[Collected data entries]

***

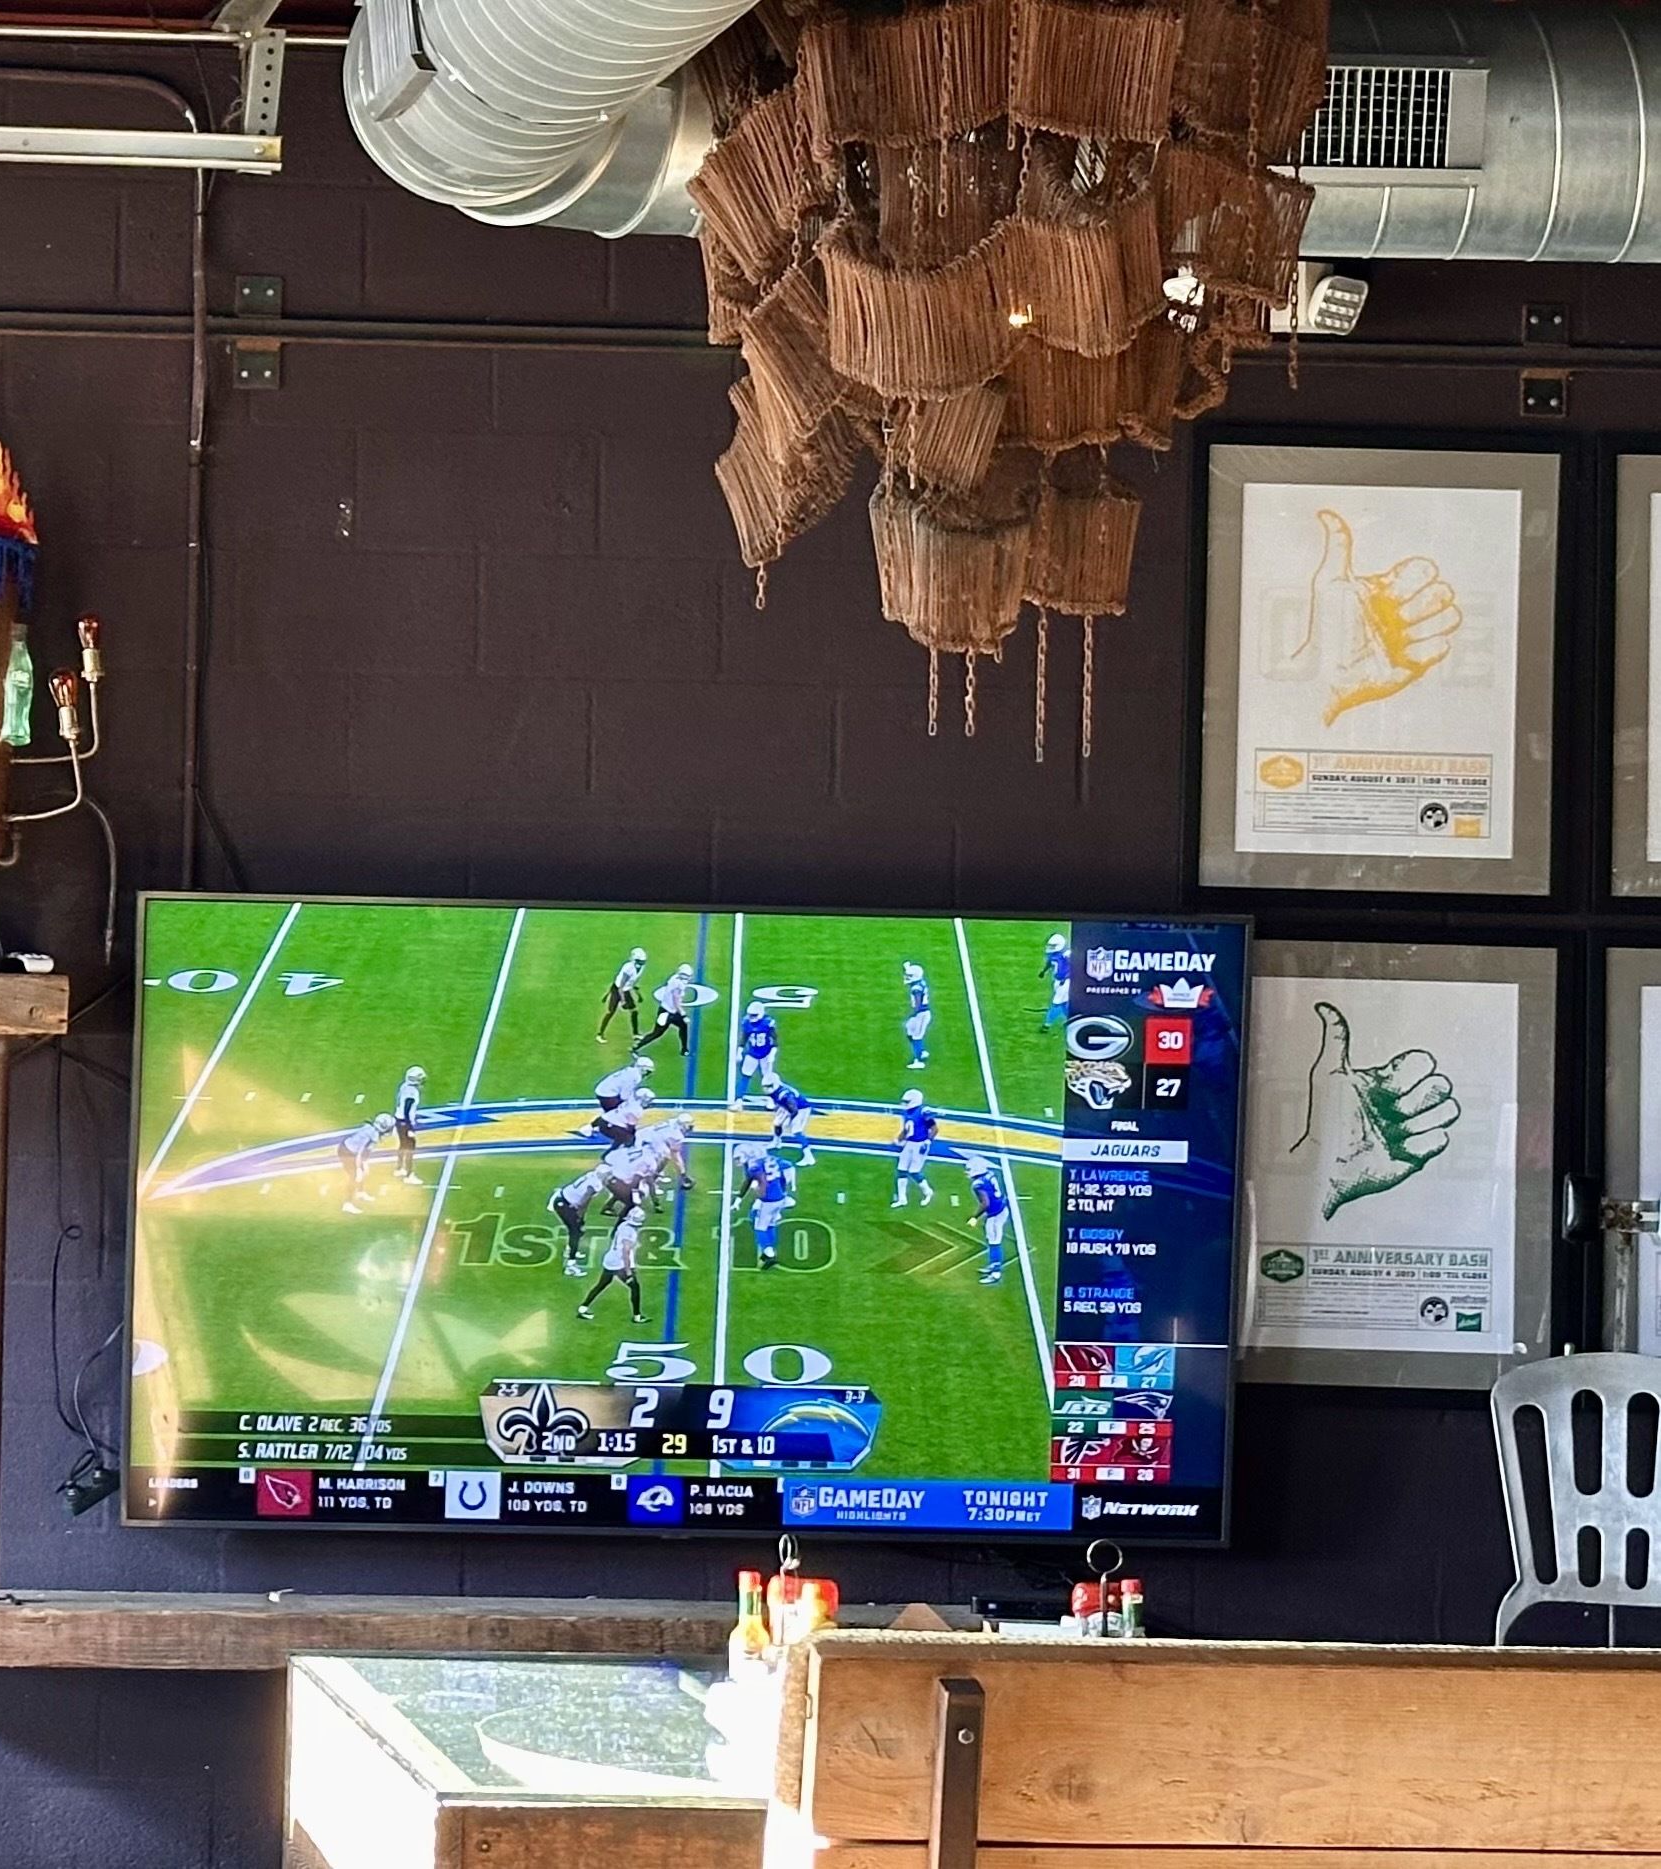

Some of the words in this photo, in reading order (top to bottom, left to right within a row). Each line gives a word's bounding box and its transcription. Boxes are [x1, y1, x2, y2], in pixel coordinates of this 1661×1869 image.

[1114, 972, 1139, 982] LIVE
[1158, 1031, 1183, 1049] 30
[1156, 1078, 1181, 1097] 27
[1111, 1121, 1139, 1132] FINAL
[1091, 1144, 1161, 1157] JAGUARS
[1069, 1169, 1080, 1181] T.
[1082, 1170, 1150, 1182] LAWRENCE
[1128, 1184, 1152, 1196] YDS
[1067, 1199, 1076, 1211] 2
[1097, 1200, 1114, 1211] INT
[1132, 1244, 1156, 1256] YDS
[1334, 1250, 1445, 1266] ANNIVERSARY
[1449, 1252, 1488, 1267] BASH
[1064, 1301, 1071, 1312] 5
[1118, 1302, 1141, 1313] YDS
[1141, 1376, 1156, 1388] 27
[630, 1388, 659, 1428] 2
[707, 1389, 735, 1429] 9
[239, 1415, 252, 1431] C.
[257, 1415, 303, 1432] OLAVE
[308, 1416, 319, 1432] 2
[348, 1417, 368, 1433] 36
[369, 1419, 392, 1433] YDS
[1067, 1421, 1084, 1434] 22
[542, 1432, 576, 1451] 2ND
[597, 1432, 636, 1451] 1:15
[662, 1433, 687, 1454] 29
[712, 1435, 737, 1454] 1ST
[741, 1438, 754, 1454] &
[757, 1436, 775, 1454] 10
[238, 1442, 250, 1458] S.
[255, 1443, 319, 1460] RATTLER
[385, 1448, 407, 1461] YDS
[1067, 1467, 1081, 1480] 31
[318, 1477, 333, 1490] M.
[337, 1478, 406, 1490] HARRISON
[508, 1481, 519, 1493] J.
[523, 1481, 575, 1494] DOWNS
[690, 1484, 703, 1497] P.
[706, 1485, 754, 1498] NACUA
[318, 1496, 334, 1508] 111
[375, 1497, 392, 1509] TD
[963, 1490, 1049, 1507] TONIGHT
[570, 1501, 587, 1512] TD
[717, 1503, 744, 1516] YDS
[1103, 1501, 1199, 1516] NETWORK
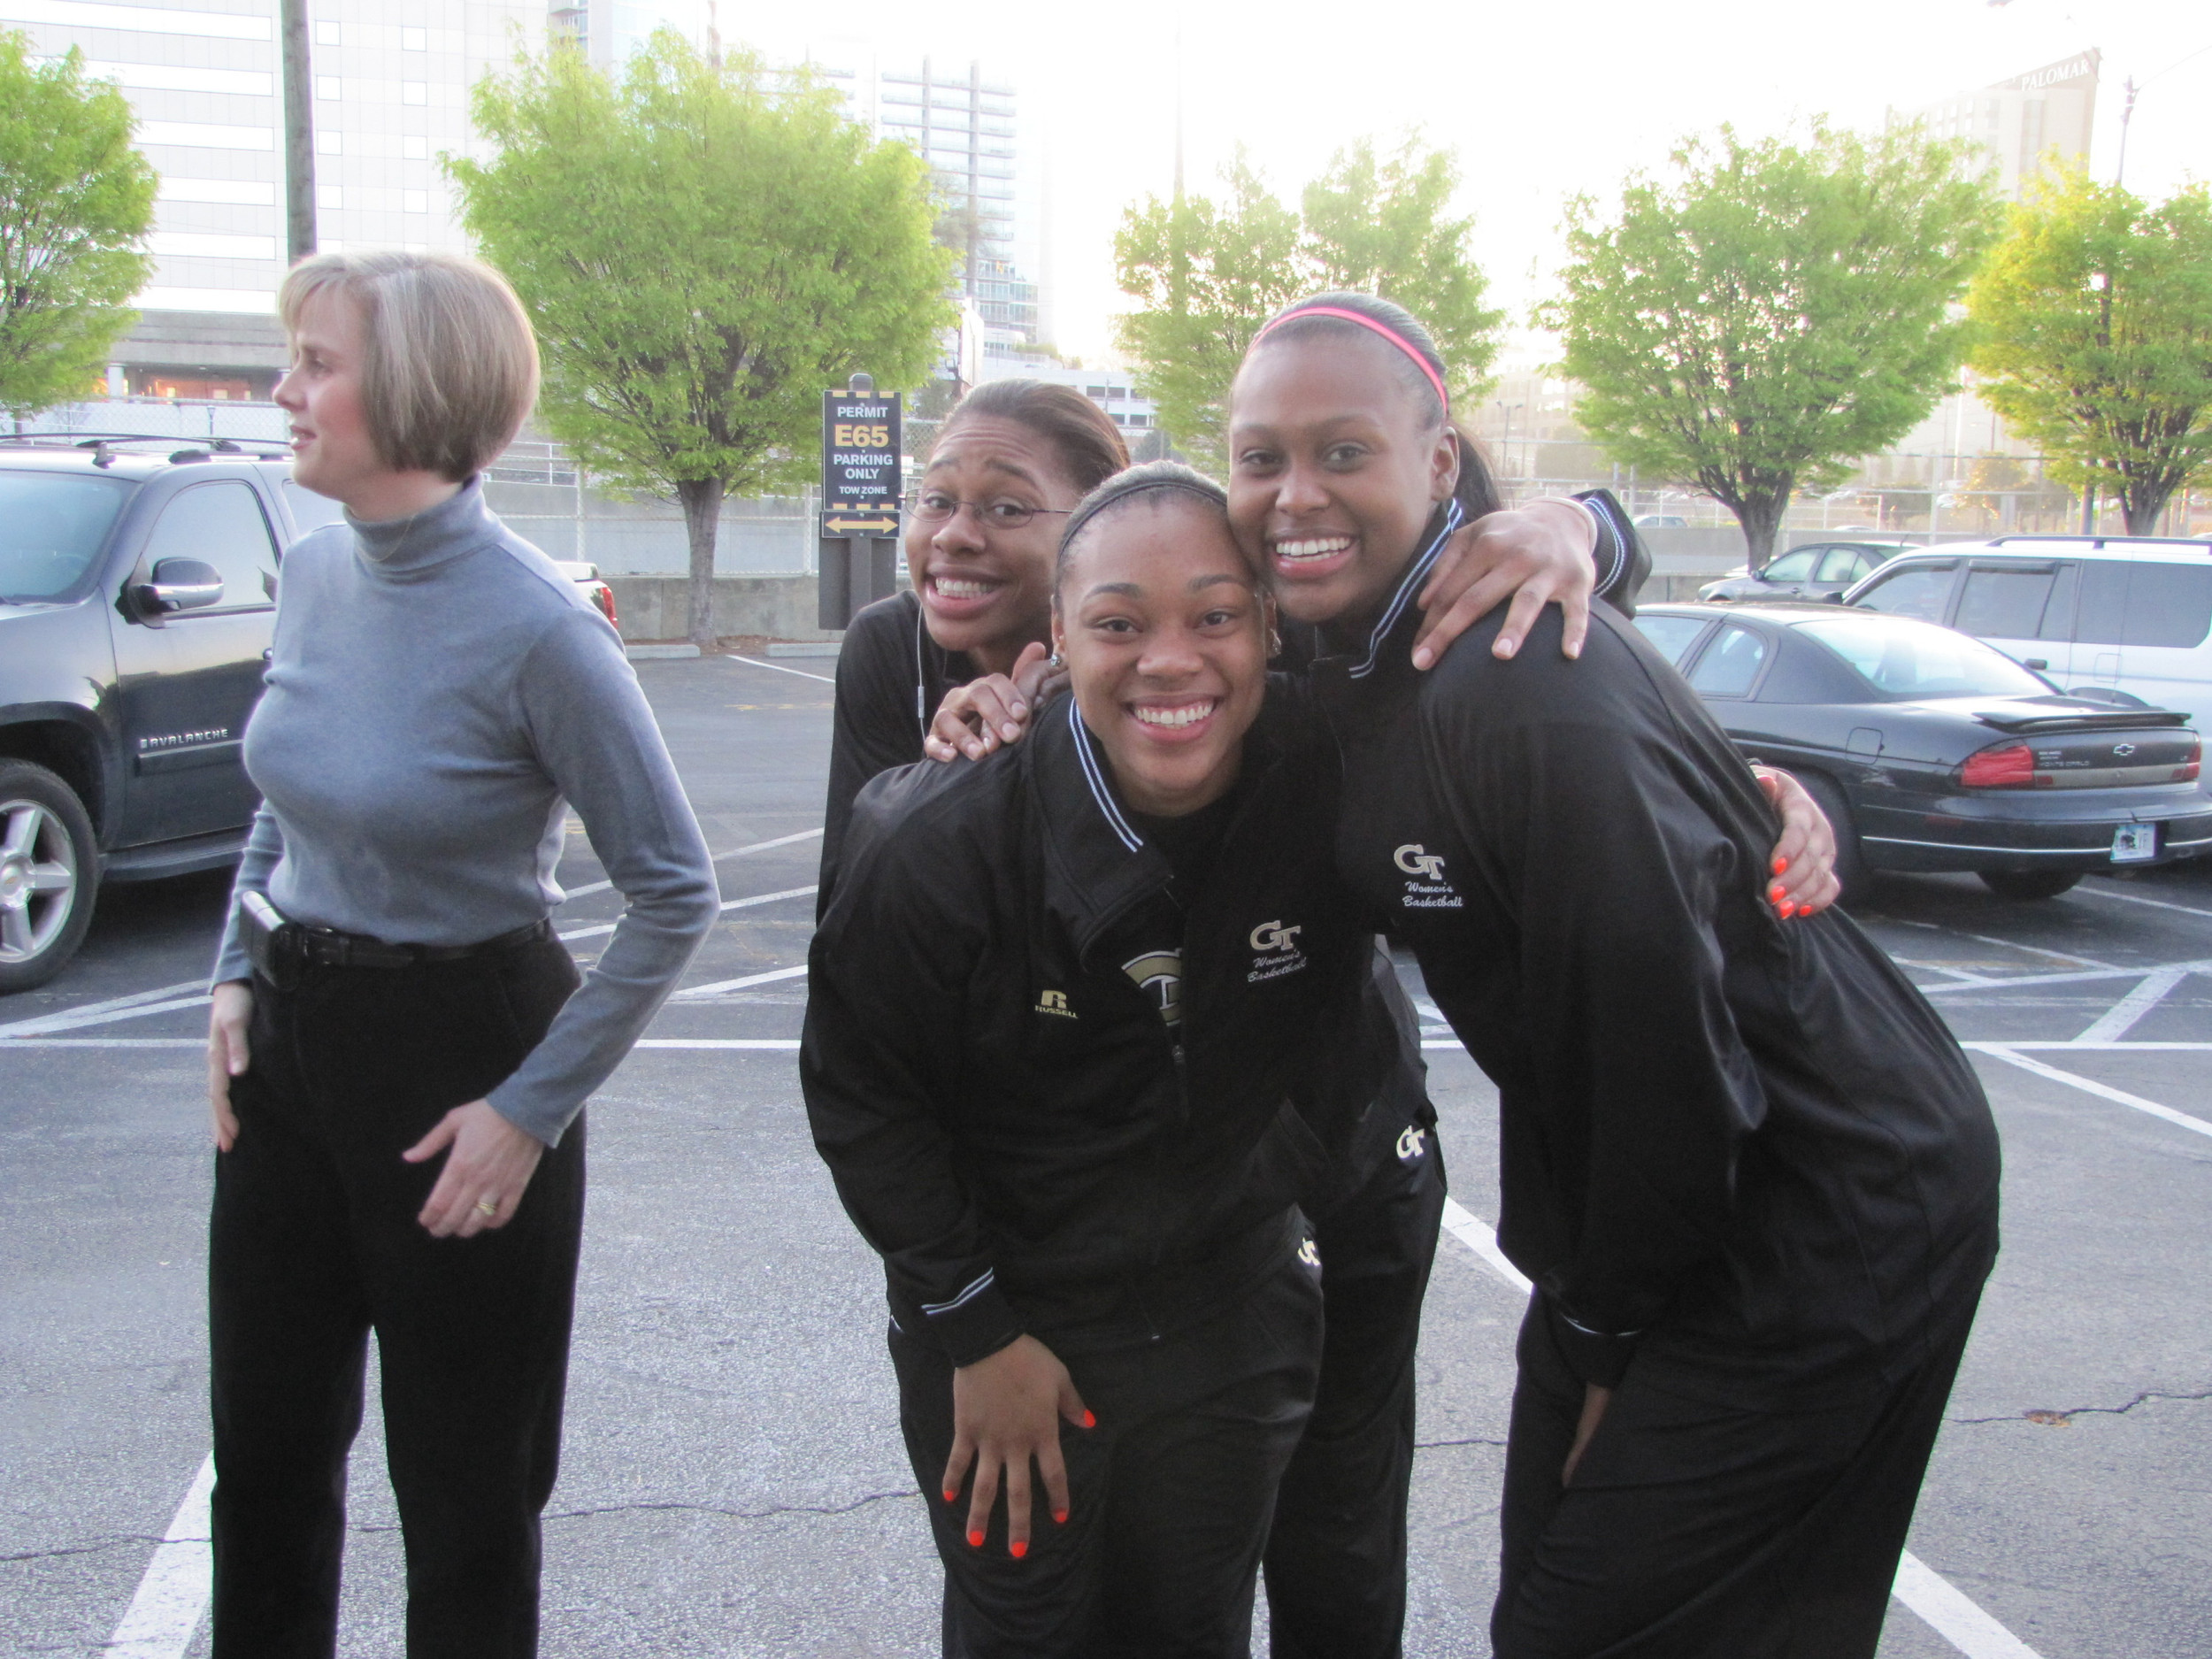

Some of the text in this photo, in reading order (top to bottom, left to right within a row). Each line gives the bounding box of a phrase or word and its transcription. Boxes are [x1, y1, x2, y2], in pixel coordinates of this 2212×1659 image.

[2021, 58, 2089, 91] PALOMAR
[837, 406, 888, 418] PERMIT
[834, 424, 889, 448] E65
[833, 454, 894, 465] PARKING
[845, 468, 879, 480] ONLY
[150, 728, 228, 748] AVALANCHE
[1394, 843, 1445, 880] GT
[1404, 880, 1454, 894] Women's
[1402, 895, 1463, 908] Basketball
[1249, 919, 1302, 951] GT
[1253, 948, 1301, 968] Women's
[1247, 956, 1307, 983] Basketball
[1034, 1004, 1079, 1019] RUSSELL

***

## TASK BRIEF
Exactly as they appear above, print all the lines, but not the pictures.

## EXERCISE ANSWER
Some of the words in this photo, in reading order (top to bottom, left to right within a row). Each line gives a word's bounding box and its transcription. Boxes are [x1, y1, x2, y2], in pixel coordinates of this 1661×1869 image.

[1114, 972, 1139, 982] LIVE
[1158, 1031, 1183, 1049] 30
[1156, 1078, 1181, 1097] 27
[1111, 1121, 1139, 1132] FINAL
[1091, 1144, 1161, 1157] JAGUARS
[1069, 1169, 1080, 1181] T.
[1082, 1170, 1150, 1182] LAWRENCE
[1128, 1184, 1152, 1196] YDS
[1067, 1199, 1076, 1211] 2
[1097, 1200, 1114, 1211] INT
[1132, 1244, 1156, 1256] YDS
[1334, 1250, 1445, 1266] ANNIVERSARY
[1449, 1252, 1488, 1267] BASH
[1064, 1301, 1071, 1312] 5
[1118, 1302, 1141, 1313] YDS
[1141, 1376, 1156, 1388] 27
[630, 1388, 659, 1428] 2
[707, 1389, 735, 1429] 9
[239, 1415, 252, 1431] C.
[257, 1415, 303, 1432] OLAVE
[308, 1416, 319, 1432] 2
[348, 1417, 368, 1433] 36
[369, 1419, 392, 1433] YDS
[1067, 1421, 1084, 1434] 22
[542, 1432, 576, 1451] 2ND
[597, 1432, 636, 1451] 1:15
[662, 1433, 687, 1454] 29
[712, 1435, 737, 1454] 1ST
[741, 1438, 754, 1454] &
[757, 1436, 775, 1454] 10
[238, 1442, 250, 1458] S.
[255, 1443, 319, 1460] RATTLER
[385, 1448, 407, 1461] YDS
[1067, 1467, 1081, 1480] 31
[318, 1477, 333, 1490] M.
[337, 1478, 406, 1490] HARRISON
[508, 1481, 519, 1493] J.
[523, 1481, 575, 1494] DOWNS
[690, 1484, 703, 1497] P.
[706, 1485, 754, 1498] NACUA
[318, 1496, 334, 1508] 111
[375, 1497, 392, 1509] TD
[963, 1490, 1049, 1507] TONIGHT
[570, 1501, 587, 1512] TD
[717, 1503, 744, 1516] YDS
[1103, 1501, 1199, 1516] NETWORK

Some of the text in this photo, in reading order (top to bottom, left to right within a row). Each line gives the bounding box of a phrase or word and its transcription. Boxes are [x1, y1, x2, y2], in pixel coordinates of this 2212×1659 image.

[2021, 58, 2089, 91] PALOMAR
[837, 406, 888, 418] PERMIT
[834, 424, 889, 448] E65
[833, 454, 894, 465] PARKING
[845, 468, 879, 480] ONLY
[150, 728, 228, 748] AVALANCHE
[1394, 843, 1445, 880] GT
[1404, 880, 1454, 894] Women's
[1402, 895, 1463, 908] Basketball
[1249, 919, 1302, 951] GT
[1253, 948, 1301, 968] Women's
[1247, 956, 1307, 983] Basketball
[1034, 1004, 1079, 1019] RUSSELL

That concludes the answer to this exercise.